-- The input --

<<<<

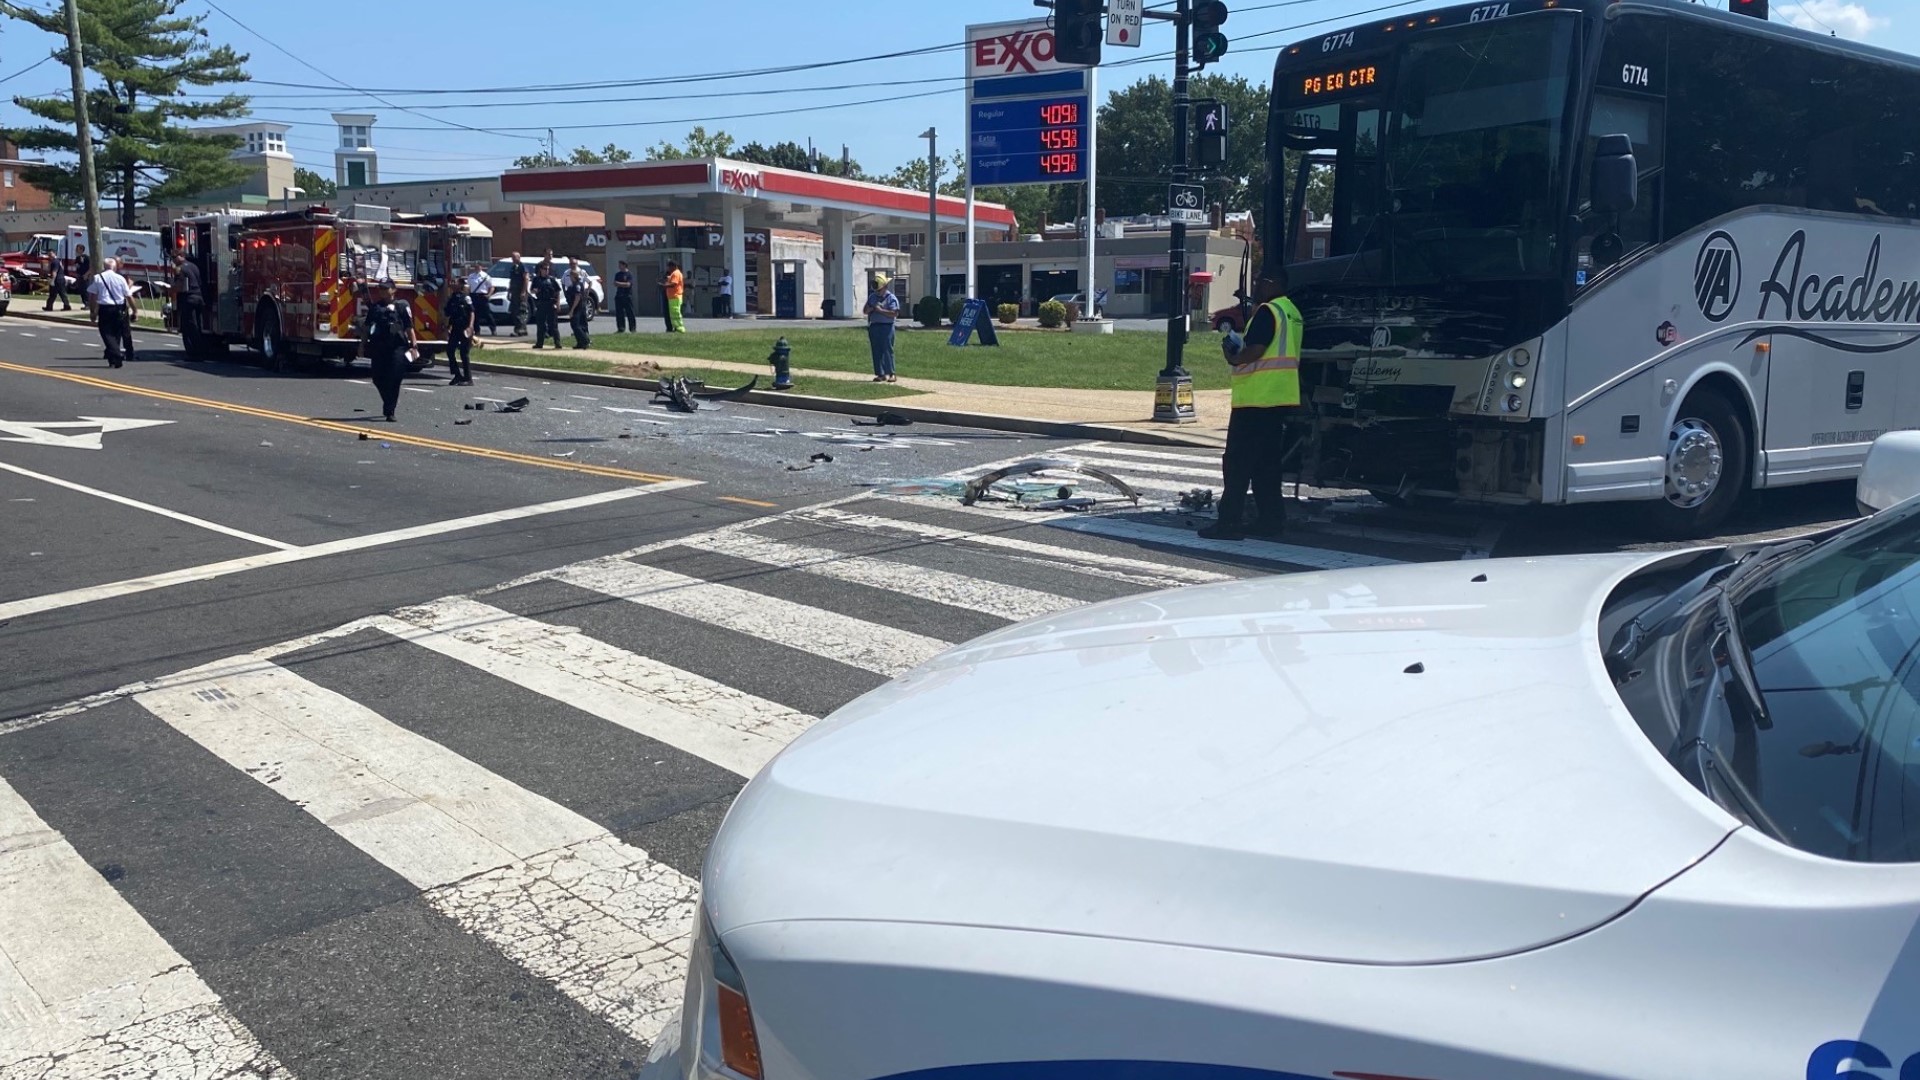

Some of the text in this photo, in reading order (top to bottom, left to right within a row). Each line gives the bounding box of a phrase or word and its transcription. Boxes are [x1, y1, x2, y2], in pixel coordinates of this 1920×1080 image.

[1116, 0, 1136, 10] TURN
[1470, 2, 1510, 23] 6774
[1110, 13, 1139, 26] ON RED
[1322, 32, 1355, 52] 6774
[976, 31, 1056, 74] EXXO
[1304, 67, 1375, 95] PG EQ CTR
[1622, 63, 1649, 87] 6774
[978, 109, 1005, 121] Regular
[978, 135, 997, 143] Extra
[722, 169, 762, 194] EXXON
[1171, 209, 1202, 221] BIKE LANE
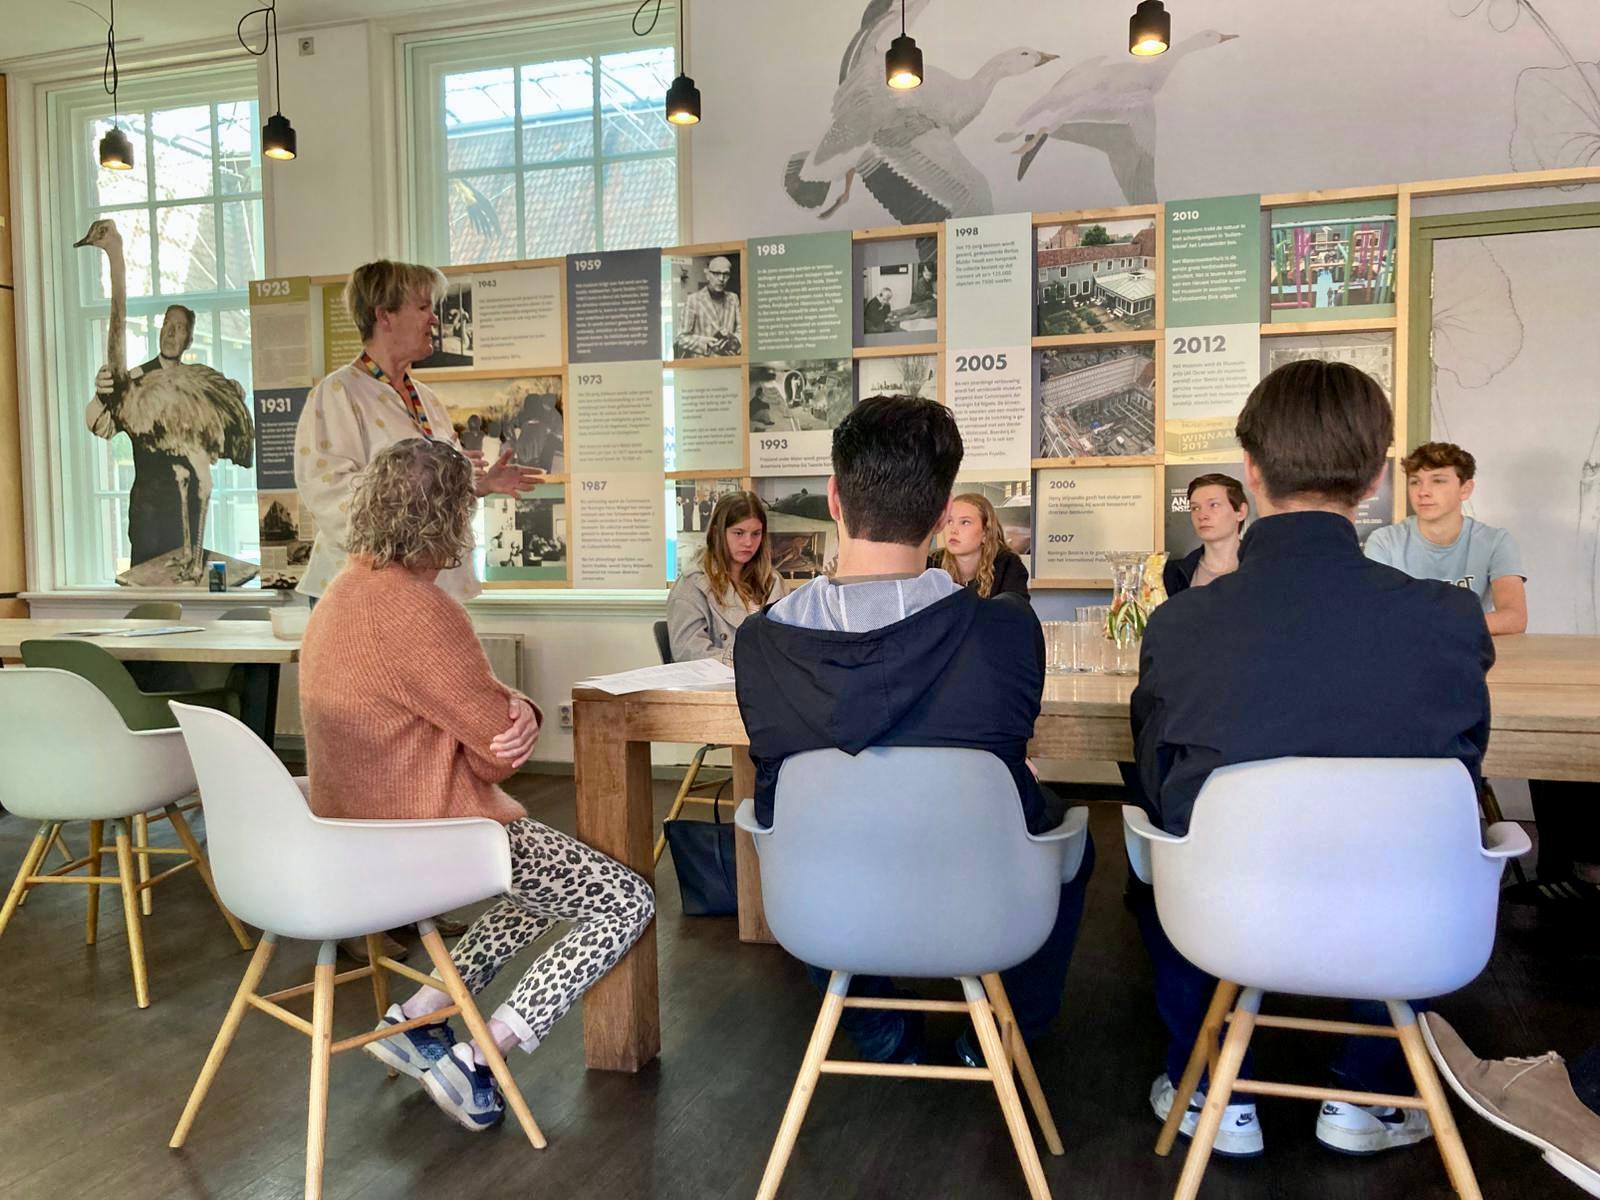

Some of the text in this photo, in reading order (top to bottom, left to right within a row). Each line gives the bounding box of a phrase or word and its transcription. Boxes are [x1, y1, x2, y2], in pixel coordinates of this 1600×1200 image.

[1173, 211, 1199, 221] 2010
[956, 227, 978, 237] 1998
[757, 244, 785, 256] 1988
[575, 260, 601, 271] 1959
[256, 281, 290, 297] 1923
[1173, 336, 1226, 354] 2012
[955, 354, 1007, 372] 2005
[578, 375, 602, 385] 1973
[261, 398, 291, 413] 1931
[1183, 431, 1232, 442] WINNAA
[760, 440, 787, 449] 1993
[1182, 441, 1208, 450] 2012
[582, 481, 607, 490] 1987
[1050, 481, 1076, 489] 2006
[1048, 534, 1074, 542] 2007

>>>>

-- Exercise directions --
Transcribe the records above exactly, leaving out every picture.

-- Solution to the exercise --
Some of the text in this photo, in reading order (top to bottom, left to right within a row). Each line gives the bounding box of a phrase or word and its transcription. Boxes are [x1, y1, x2, y2], in pixel coordinates of this 1920×1080 image.

[1116, 0, 1136, 10] TURN
[1470, 2, 1510, 23] 6774
[1110, 13, 1139, 26] ON RED
[1322, 32, 1355, 52] 6774
[976, 31, 1056, 74] EXXO
[1304, 67, 1375, 95] PG EQ CTR
[1622, 63, 1649, 87] 6774
[978, 109, 1005, 121] Regular
[978, 135, 997, 143] Extra
[722, 169, 762, 194] EXXON
[1171, 209, 1202, 221] BIKE LANE

Some of the text in this photo, in reading order (top to bottom, left to right within a row). Each line gives the bounding box of a phrase or word and its transcription. Boxes are [x1, y1, x2, y2], in pixel coordinates of this 1600×1200 image.

[1173, 211, 1199, 221] 2010
[956, 227, 978, 237] 1998
[757, 244, 785, 256] 1988
[575, 260, 601, 271] 1959
[256, 281, 290, 297] 1923
[1173, 336, 1226, 354] 2012
[955, 354, 1007, 372] 2005
[578, 375, 602, 385] 1973
[261, 398, 291, 413] 1931
[1183, 431, 1232, 442] WINNAA
[760, 440, 787, 449] 1993
[1182, 441, 1208, 450] 2012
[582, 481, 607, 490] 1987
[1050, 481, 1076, 489] 2006
[1048, 534, 1074, 542] 2007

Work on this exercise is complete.